Prompt. Write the records out exactly as shown. No pictures.

Free-text object descriptions
◇ ◇ ◇ ◇ ◇
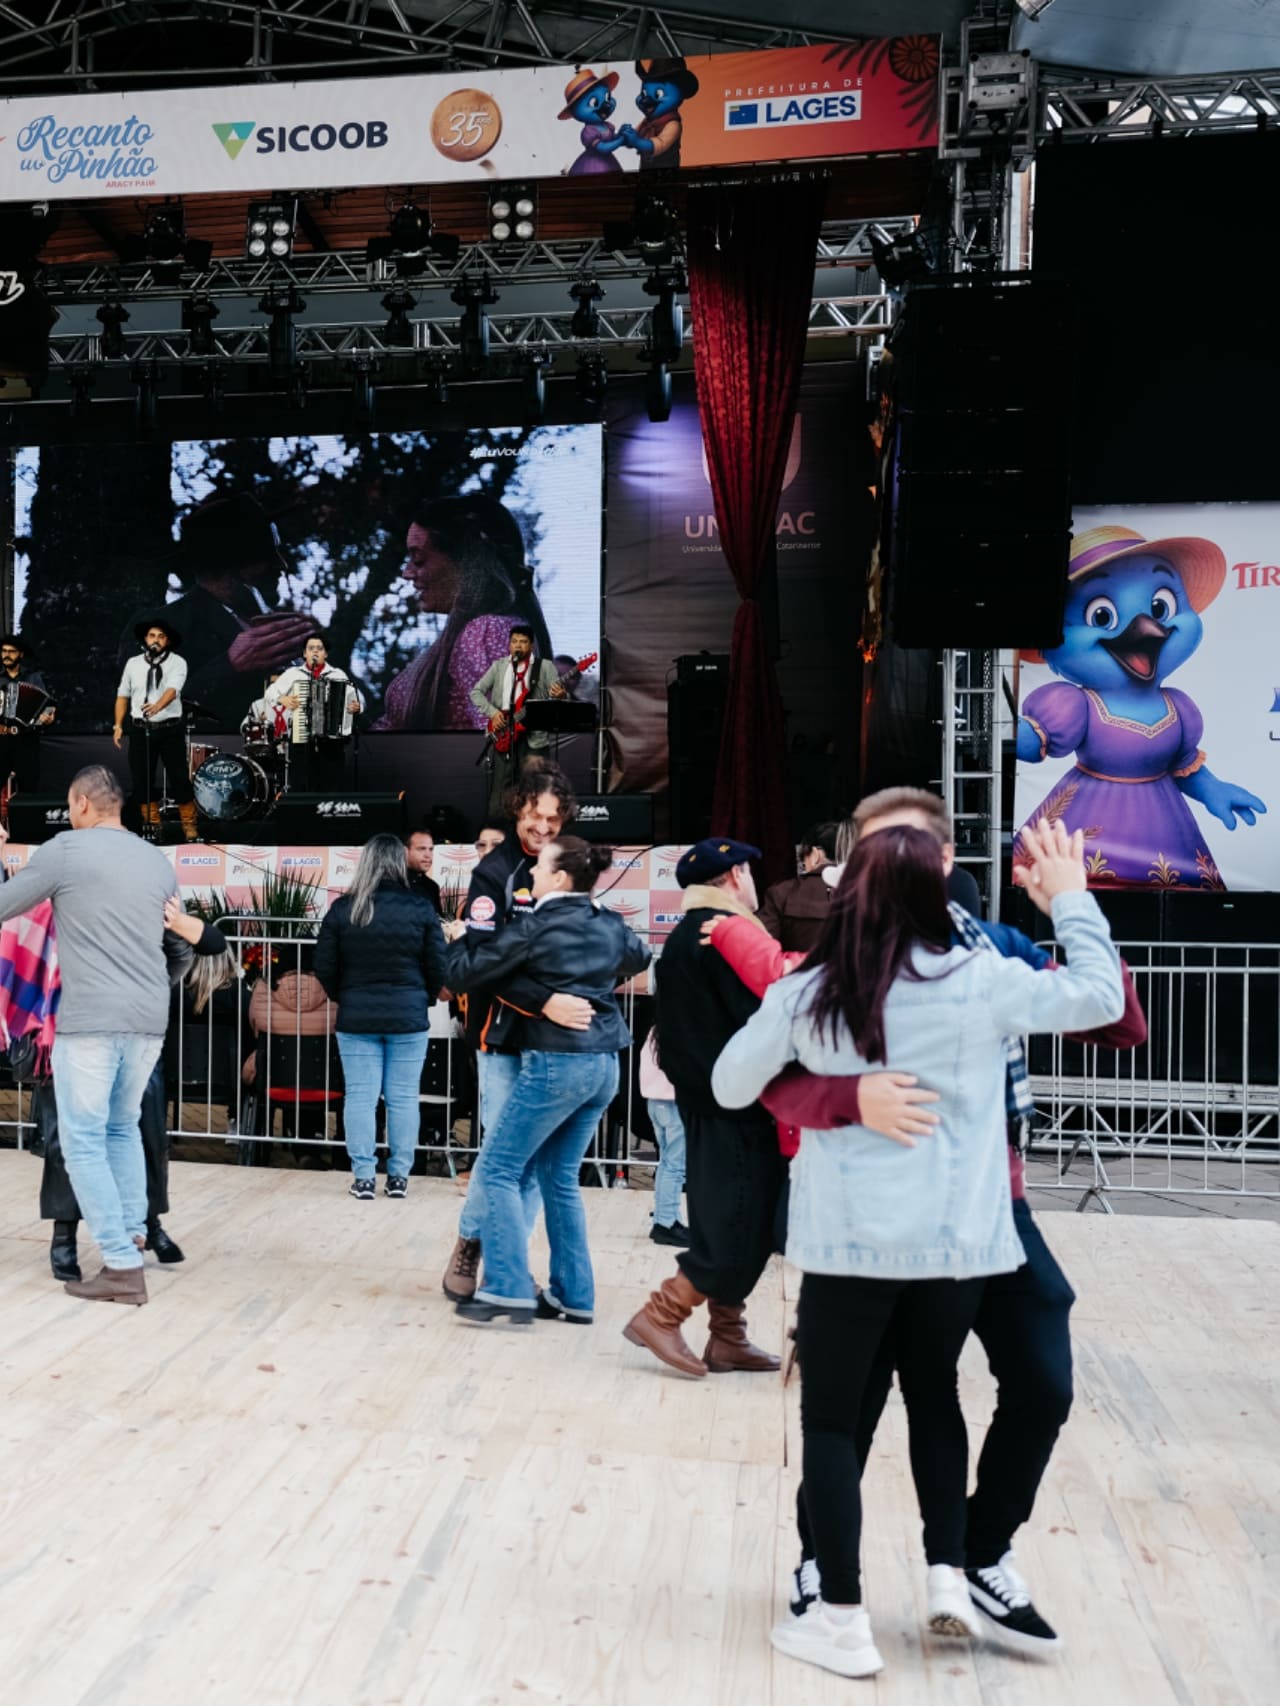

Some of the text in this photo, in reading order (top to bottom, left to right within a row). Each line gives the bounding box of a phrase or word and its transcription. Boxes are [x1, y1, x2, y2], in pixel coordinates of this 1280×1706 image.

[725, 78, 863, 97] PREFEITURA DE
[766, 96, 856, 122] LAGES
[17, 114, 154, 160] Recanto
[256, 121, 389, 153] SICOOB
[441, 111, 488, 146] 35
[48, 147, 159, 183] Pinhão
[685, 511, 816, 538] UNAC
◇ ◇ ◇ ◇ ◇
Completed exercise.
Some of the text in this photo, in reading order (top to bottom, left to right within a row). Each line gives the bounding box of a phrase or word and its transcription. Boxes are [x1, y1, x2, y2], in pixel coordinates of this 1280×1706 image.

[725, 78, 863, 97] PREFEITURA DE
[766, 96, 856, 122] LAGES
[17, 114, 154, 160] Recanto
[256, 121, 389, 153] SICOOB
[441, 111, 488, 146] 35
[48, 147, 159, 183] Pinhão
[685, 511, 816, 538] UNAC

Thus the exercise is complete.